Collected data:
-=-=-=-=-

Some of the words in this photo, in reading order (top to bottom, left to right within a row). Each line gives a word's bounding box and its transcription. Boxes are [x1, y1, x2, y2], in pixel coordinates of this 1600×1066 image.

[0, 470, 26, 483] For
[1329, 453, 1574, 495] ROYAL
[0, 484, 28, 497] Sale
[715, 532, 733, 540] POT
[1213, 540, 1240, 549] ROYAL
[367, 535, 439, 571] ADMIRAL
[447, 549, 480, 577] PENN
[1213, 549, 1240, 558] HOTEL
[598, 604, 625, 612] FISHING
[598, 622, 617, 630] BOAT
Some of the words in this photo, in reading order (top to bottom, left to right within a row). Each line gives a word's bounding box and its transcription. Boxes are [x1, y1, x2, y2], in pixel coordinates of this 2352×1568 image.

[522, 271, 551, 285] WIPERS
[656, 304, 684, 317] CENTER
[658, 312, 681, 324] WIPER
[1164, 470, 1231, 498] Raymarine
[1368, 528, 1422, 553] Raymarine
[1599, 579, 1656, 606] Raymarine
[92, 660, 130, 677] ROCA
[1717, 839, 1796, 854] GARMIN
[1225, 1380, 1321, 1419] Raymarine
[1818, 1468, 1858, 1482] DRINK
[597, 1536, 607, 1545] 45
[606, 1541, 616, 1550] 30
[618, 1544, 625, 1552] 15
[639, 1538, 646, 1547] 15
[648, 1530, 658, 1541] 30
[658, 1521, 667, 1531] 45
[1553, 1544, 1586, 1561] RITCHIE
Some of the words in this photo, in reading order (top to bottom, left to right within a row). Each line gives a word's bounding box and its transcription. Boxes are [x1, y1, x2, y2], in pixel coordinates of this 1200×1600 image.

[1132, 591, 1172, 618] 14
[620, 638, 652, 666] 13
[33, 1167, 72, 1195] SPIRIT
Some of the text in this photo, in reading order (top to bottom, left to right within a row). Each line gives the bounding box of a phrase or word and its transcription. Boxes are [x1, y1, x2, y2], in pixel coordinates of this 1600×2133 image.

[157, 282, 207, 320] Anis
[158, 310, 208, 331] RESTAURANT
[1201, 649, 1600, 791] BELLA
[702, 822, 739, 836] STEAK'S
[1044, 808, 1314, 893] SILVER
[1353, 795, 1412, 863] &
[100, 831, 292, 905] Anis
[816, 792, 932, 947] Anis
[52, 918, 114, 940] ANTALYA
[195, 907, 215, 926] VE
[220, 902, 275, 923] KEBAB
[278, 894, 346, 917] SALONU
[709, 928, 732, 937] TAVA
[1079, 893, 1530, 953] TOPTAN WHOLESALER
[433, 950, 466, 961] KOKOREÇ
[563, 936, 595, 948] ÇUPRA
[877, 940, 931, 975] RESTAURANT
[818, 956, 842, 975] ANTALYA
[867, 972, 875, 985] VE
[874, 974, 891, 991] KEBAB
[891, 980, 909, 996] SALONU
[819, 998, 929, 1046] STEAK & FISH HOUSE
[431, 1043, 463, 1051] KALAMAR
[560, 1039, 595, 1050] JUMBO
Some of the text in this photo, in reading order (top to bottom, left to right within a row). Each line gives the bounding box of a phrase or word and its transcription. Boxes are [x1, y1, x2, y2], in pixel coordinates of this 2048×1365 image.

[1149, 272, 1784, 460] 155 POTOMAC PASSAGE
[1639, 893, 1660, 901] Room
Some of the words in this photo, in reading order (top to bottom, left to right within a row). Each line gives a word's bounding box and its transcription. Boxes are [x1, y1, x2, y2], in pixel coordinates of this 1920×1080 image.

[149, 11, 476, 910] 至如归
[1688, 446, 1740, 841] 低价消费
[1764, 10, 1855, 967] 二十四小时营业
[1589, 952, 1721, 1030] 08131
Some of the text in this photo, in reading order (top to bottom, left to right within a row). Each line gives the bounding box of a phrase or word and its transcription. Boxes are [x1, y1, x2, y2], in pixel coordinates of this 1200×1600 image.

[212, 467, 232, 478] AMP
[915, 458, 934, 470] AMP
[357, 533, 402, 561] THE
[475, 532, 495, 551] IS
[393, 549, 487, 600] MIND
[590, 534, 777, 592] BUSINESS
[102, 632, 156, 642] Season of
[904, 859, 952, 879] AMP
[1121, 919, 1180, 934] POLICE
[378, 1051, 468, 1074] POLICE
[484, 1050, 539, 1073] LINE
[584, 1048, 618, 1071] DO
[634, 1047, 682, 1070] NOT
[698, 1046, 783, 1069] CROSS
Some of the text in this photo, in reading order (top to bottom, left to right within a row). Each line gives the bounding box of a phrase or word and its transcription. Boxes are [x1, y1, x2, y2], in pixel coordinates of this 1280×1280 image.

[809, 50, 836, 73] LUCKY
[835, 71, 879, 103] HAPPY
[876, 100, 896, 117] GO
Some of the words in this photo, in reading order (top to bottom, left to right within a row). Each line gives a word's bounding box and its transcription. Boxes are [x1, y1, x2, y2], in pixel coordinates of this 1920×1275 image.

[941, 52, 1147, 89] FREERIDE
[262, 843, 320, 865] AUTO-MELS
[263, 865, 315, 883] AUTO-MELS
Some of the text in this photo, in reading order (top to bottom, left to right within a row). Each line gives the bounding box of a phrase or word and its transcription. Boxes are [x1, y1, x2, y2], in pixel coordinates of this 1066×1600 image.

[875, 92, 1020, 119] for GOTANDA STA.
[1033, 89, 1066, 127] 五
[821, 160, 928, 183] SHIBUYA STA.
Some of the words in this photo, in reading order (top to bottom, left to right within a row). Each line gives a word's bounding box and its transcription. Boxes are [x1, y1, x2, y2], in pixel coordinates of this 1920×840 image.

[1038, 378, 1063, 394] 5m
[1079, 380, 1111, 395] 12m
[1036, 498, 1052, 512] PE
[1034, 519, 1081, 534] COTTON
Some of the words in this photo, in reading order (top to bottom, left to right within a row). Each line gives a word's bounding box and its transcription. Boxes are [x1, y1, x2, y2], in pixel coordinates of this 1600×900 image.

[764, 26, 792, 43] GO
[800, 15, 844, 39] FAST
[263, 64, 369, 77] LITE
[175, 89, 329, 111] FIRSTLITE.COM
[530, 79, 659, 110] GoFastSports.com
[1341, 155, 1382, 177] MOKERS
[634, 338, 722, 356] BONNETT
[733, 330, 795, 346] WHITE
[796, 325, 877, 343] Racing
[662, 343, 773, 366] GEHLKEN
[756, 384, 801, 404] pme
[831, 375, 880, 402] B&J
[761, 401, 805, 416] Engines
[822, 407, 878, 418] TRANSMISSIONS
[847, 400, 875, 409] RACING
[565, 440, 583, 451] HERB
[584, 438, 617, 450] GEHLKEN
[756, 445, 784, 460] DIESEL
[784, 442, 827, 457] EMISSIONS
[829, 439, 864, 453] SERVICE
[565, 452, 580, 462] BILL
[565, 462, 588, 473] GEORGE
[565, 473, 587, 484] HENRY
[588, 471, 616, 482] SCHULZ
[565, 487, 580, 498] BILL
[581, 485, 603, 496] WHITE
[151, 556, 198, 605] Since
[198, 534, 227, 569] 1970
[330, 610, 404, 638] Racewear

-=-=-=-=-

▸ **THE PROBLEM**:
Every line above is to be transcribed exactly, with nothing dropped.

▸ **TASK SOLUTION**:
Some of the words in this photo, in reading order (top to bottom, left to right within a row). Each line gives a word's bounding box and its transcription. Boxes are [x1, y1, x2, y2], in pixel coordinates of this 1600×1066 image.

[0, 470, 26, 483] For
[1329, 453, 1574, 495] ROYAL
[0, 484, 28, 497] Sale
[715, 532, 733, 540] POT
[1213, 540, 1240, 549] ROYAL
[367, 535, 439, 571] ADMIRAL
[447, 549, 480, 577] PENN
[1213, 549, 1240, 558] HOTEL
[598, 604, 625, 612] FISHING
[598, 622, 617, 630] BOAT
Some of the words in this photo, in reading order (top to bottom, left to right within a row). Each line gives a word's bounding box and its transcription. Boxes are [x1, y1, x2, y2], in pixel coordinates of this 2352×1568 image.

[522, 271, 551, 285] WIPERS
[656, 304, 684, 317] CENTER
[658, 312, 681, 324] WIPER
[1164, 470, 1231, 498] Raymarine
[1368, 528, 1422, 553] Raymarine
[1599, 579, 1656, 606] Raymarine
[92, 660, 130, 677] ROCA
[1717, 839, 1796, 854] GARMIN
[1225, 1380, 1321, 1419] Raymarine
[1818, 1468, 1858, 1482] DRINK
[597, 1536, 607, 1545] 45
[606, 1541, 616, 1550] 30
[618, 1544, 625, 1552] 15
[639, 1538, 646, 1547] 15
[648, 1530, 658, 1541] 30
[658, 1521, 667, 1531] 45
[1553, 1544, 1586, 1561] RITCHIE
Some of the words in this photo, in reading order (top to bottom, left to right within a row). Each line gives a word's bounding box and its transcription. Boxes are [x1, y1, x2, y2], in pixel coordinates of this 1200×1600 image.

[1132, 591, 1172, 618] 14
[620, 638, 652, 666] 13
[33, 1167, 72, 1195] SPIRIT
Some of the text in this photo, in reading order (top to bottom, left to right within a row). Each line gives the bounding box of a phrase or word and its transcription. Boxes are [x1, y1, x2, y2], in pixel coordinates of this 1600×2133 image.

[157, 282, 207, 320] Anis
[158, 310, 208, 331] RESTAURANT
[1201, 649, 1600, 791] BELLA
[702, 822, 739, 836] STEAK'S
[1044, 808, 1314, 893] SILVER
[1353, 795, 1412, 863] &
[100, 831, 292, 905] Anis
[816, 792, 932, 947] Anis
[52, 918, 114, 940] ANTALYA
[195, 907, 215, 926] VE
[220, 902, 275, 923] KEBAB
[278, 894, 346, 917] SALONU
[709, 928, 732, 937] TAVA
[1079, 893, 1530, 953] TOPTAN WHOLESALER
[433, 950, 466, 961] KOKOREÇ
[563, 936, 595, 948] ÇUPRA
[877, 940, 931, 975] RESTAURANT
[818, 956, 842, 975] ANTALYA
[867, 972, 875, 985] VE
[874, 974, 891, 991] KEBAB
[891, 980, 909, 996] SALONU
[819, 998, 929, 1046] STEAK & FISH HOUSE
[431, 1043, 463, 1051] KALAMAR
[560, 1039, 595, 1050] JUMBO
Some of the text in this photo, in reading order (top to bottom, left to right within a row). Each line gives the bounding box of a phrase or word and its transcription. Boxes are [x1, y1, x2, y2], in pixel coordinates of this 2048×1365 image.

[1149, 272, 1784, 460] 155 POTOMAC PASSAGE
[1639, 893, 1660, 901] Room
Some of the words in this photo, in reading order (top to bottom, left to right within a row). Each line gives a word's bounding box and its transcription. Boxes are [x1, y1, x2, y2], in pixel coordinates of this 1920×1080 image.

[149, 11, 476, 910] 至如归
[1688, 446, 1740, 841] 低价消费
[1764, 10, 1855, 967] 二十四小时营业
[1589, 952, 1721, 1030] 08131
Some of the text in this photo, in reading order (top to bottom, left to right within a row). Each line gives the bounding box of a phrase or word and its transcription. Boxes are [x1, y1, x2, y2], in pixel coordinates of this 1200×1600 image.

[212, 467, 232, 478] AMP
[915, 458, 934, 470] AMP
[357, 533, 402, 561] THE
[475, 532, 495, 551] IS
[393, 549, 487, 600] MIND
[590, 534, 777, 592] BUSINESS
[102, 632, 156, 642] Season of
[904, 859, 952, 879] AMP
[1121, 919, 1180, 934] POLICE
[378, 1051, 468, 1074] POLICE
[484, 1050, 539, 1073] LINE
[584, 1048, 618, 1071] DO
[634, 1047, 682, 1070] NOT
[698, 1046, 783, 1069] CROSS
Some of the text in this photo, in reading order (top to bottom, left to right within a row). Each line gives the bounding box of a phrase or word and its transcription. Boxes are [x1, y1, x2, y2], in pixel coordinates of this 1280×1280 image.

[809, 50, 836, 73] LUCKY
[835, 71, 879, 103] HAPPY
[876, 100, 896, 117] GO
Some of the words in this photo, in reading order (top to bottom, left to right within a row). Each line gives a word's bounding box and its transcription. Boxes are [x1, y1, x2, y2], in pixel coordinates of this 1920×1275 image.

[941, 52, 1147, 89] FREERIDE
[262, 843, 320, 865] AUTO-MELS
[263, 865, 315, 883] AUTO-MELS
Some of the text in this photo, in reading order (top to bottom, left to right within a row). Each line gives the bounding box of a phrase or word and its transcription. Boxes are [x1, y1, x2, y2], in pixel coordinates of this 1066×1600 image.

[875, 92, 1020, 119] for GOTANDA STA.
[1033, 89, 1066, 127] 五
[821, 160, 928, 183] SHIBUYA STA.
Some of the words in this photo, in reading order (top to bottom, left to right within a row). Each line gives a word's bounding box and its transcription. Boxes are [x1, y1, x2, y2], in pixel coordinates of this 1920×840 image.

[1038, 378, 1063, 394] 5m
[1079, 380, 1111, 395] 12m
[1036, 498, 1052, 512] PE
[1034, 519, 1081, 534] COTTON
Some of the words in this photo, in reading order (top to bottom, left to right within a row). Each line gives a word's bounding box and its transcription. Boxes are [x1, y1, x2, y2], in pixel coordinates of this 1600×900 image.

[764, 26, 792, 43] GO
[800, 15, 844, 39] FAST
[263, 64, 369, 77] LITE
[175, 89, 329, 111] FIRSTLITE.COM
[530, 79, 659, 110] GoFastSports.com
[1341, 155, 1382, 177] MOKERS
[634, 338, 722, 356] BONNETT
[733, 330, 795, 346] WHITE
[796, 325, 877, 343] Racing
[662, 343, 773, 366] GEHLKEN
[756, 384, 801, 404] pme
[831, 375, 880, 402] B&J
[761, 401, 805, 416] Engines
[822, 407, 878, 418] TRANSMISSIONS
[847, 400, 875, 409] RACING
[565, 440, 583, 451] HERB
[584, 438, 617, 450] GEHLKEN
[756, 445, 784, 460] DIESEL
[784, 442, 827, 457] EMISSIONS
[829, 439, 864, 453] SERVICE
[565, 452, 580, 462] BILL
[565, 462, 588, 473] GEORGE
[565, 473, 587, 484] HENRY
[588, 471, 616, 482] SCHULZ
[565, 487, 580, 498] BILL
[581, 485, 603, 496] WHITE
[151, 556, 198, 605] Since
[198, 534, 227, 569] 1970
[330, 610, 404, 638] Racewear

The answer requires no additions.